This is a speech I gave for the board of Tilburg University on why Open science is important for the future of TIlburg University or any knowledge institute, honestly. Speech was given on March 9, 2017.

We produce loads of knowledge at this university, and yet we throw most of that knowledge away. We are throwing away taxpayer’s money; stifling scientific discovery; hampering the curiosity of our students and society.

Research data; peer reviews; research materials; developed software; research articles — they are literally and figuratively thrown away. But these are all building blocks for new knowledge, and the more building blocks available, the more knowledge we can build. Science is a bit like Legos in that sense: more pieces allow you to build greater structures.

Students can use these building blocks to learn better — learn about the real, messy process of discovery for example. Businesses can create innovative tools for information consumption by taking the hitherto unavailable information and reshaping it into something valuable. Citizens can more readily participate in the scientific process. And last but not least, science can become more accurate and more reliable.

Researchers from different faculties and staff members from different support services see the great impact of open science, and today I call on you to give make it part of the new strategic plan.

Let’s as a university work towards making building blocks readily available instead of throwing or locking them away.

Open Access and Open Data, two of these building blocks, have already been on the board’s agenda. All researchers at Tilburg are mandated to make their publications freely available since 2016 and free to re-use by 2024. For Open Data, the plans are already in motion to make all data open per 2018, across all faculties, as I was happy to read in a recent memorandum. So, why am I here?
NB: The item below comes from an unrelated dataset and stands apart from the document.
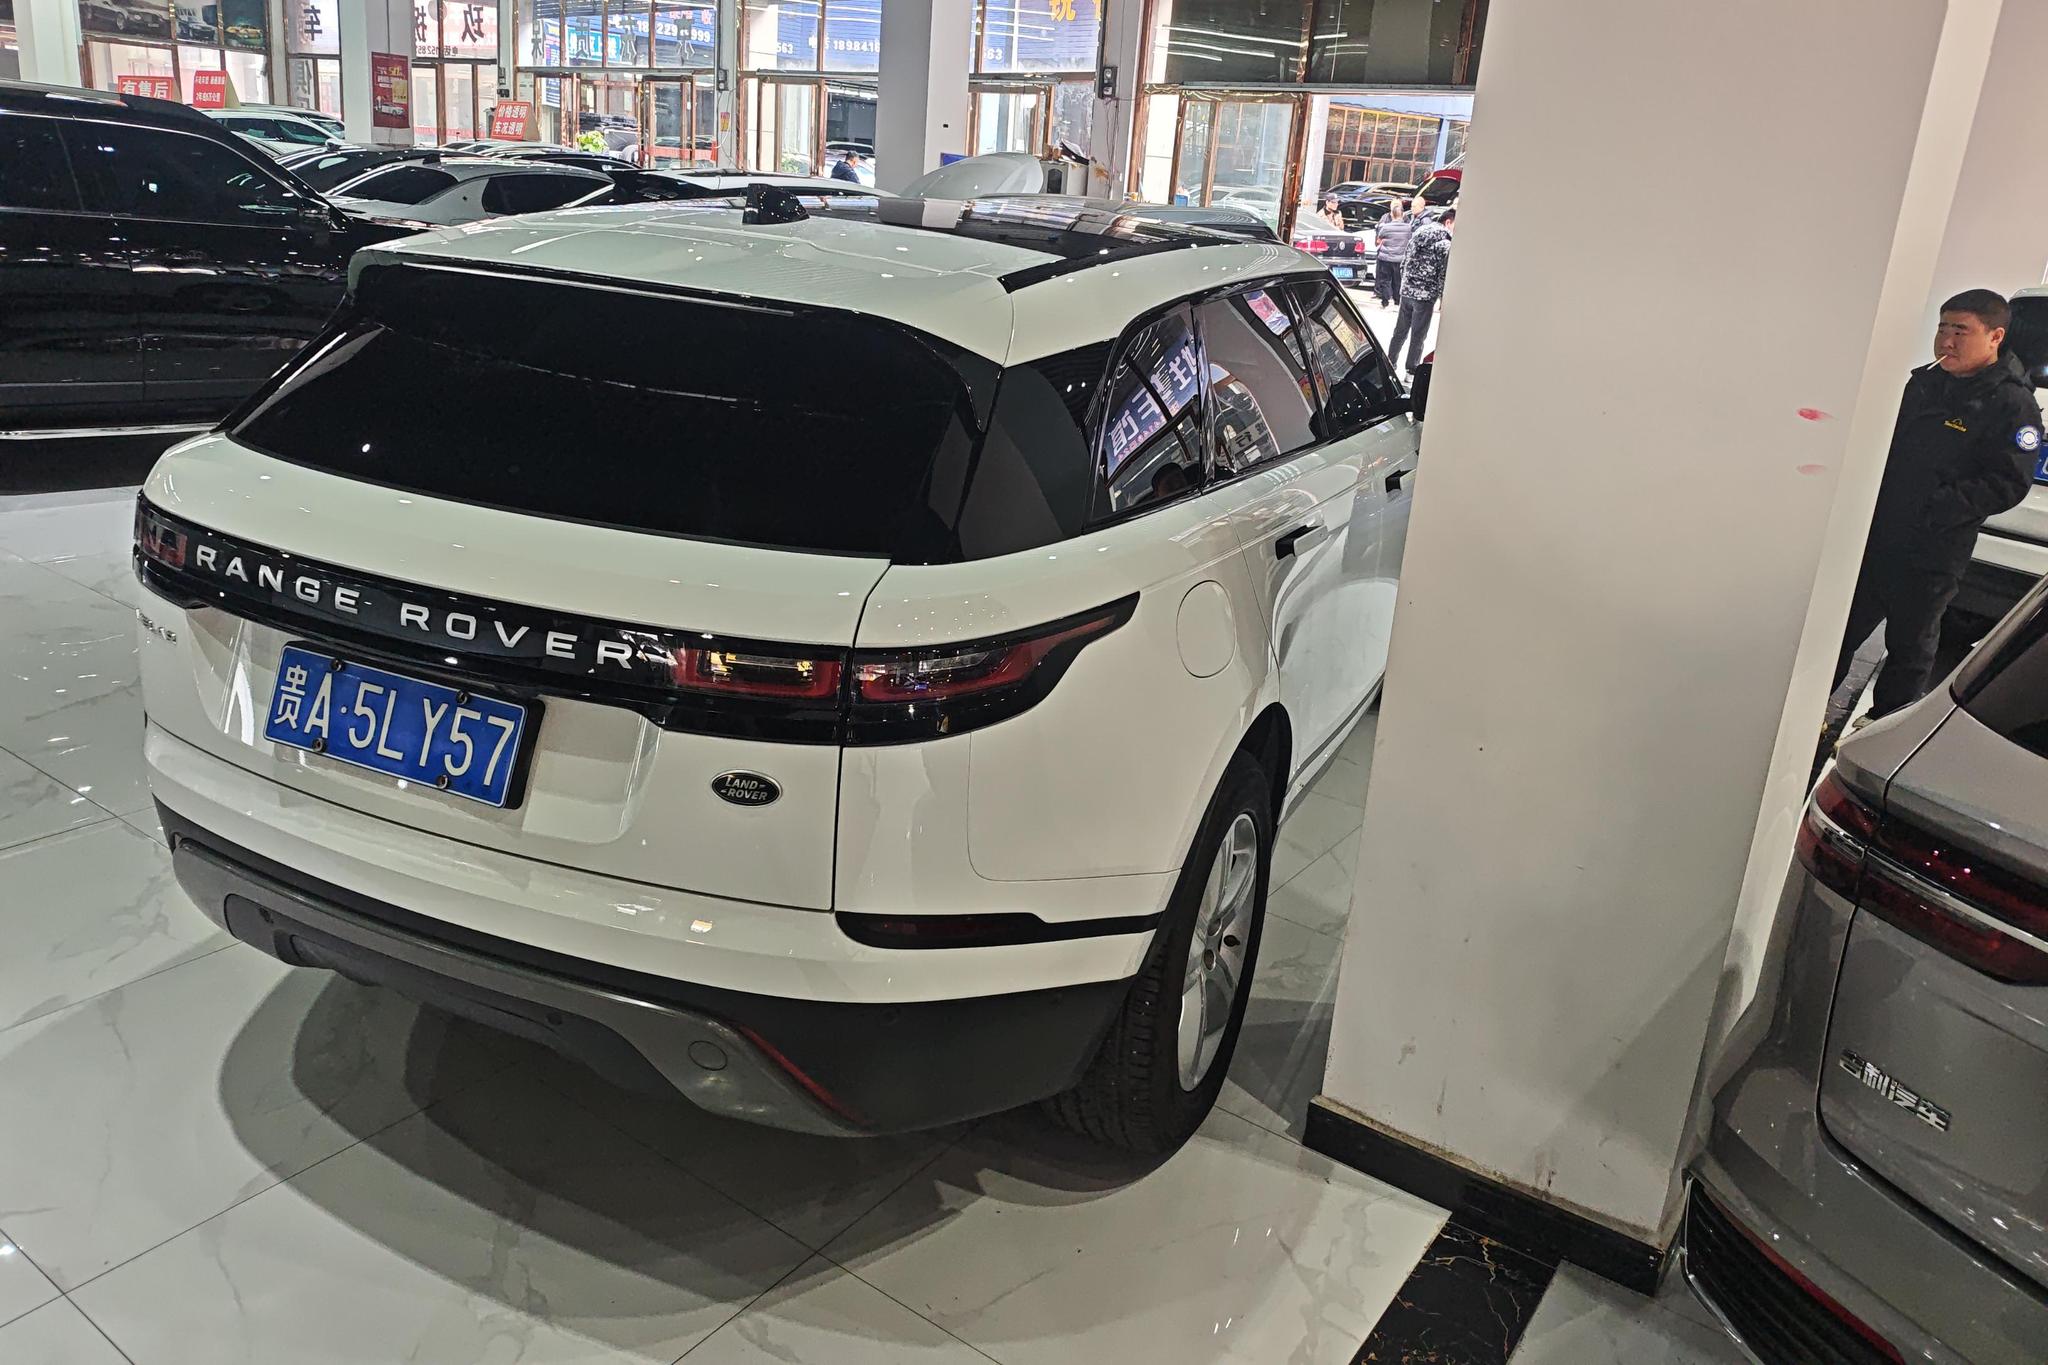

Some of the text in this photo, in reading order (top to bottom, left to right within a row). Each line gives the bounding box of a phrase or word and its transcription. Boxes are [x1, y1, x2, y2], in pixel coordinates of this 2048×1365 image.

Open Access and Open Data are part of the larger idea of Open Science; they are only two of many building blocks. Open science is that all research pieces are available for anyone to use for any purpose.

Advancing society is only possible if we radically include society in what we do. The association of Dutch universities, state secretary Sander Dekker, and 17 other organizations have underscored the importance of this when they signed the National Plan Open Science just a few weeks ago.

So I am happy to see the landscape is shifting from closed to open. However, it is happening slowly and incompletely if we only focus only on data and access. Today, I want to focus on one of the biggest problems facing science, that open science can solve: selective publication.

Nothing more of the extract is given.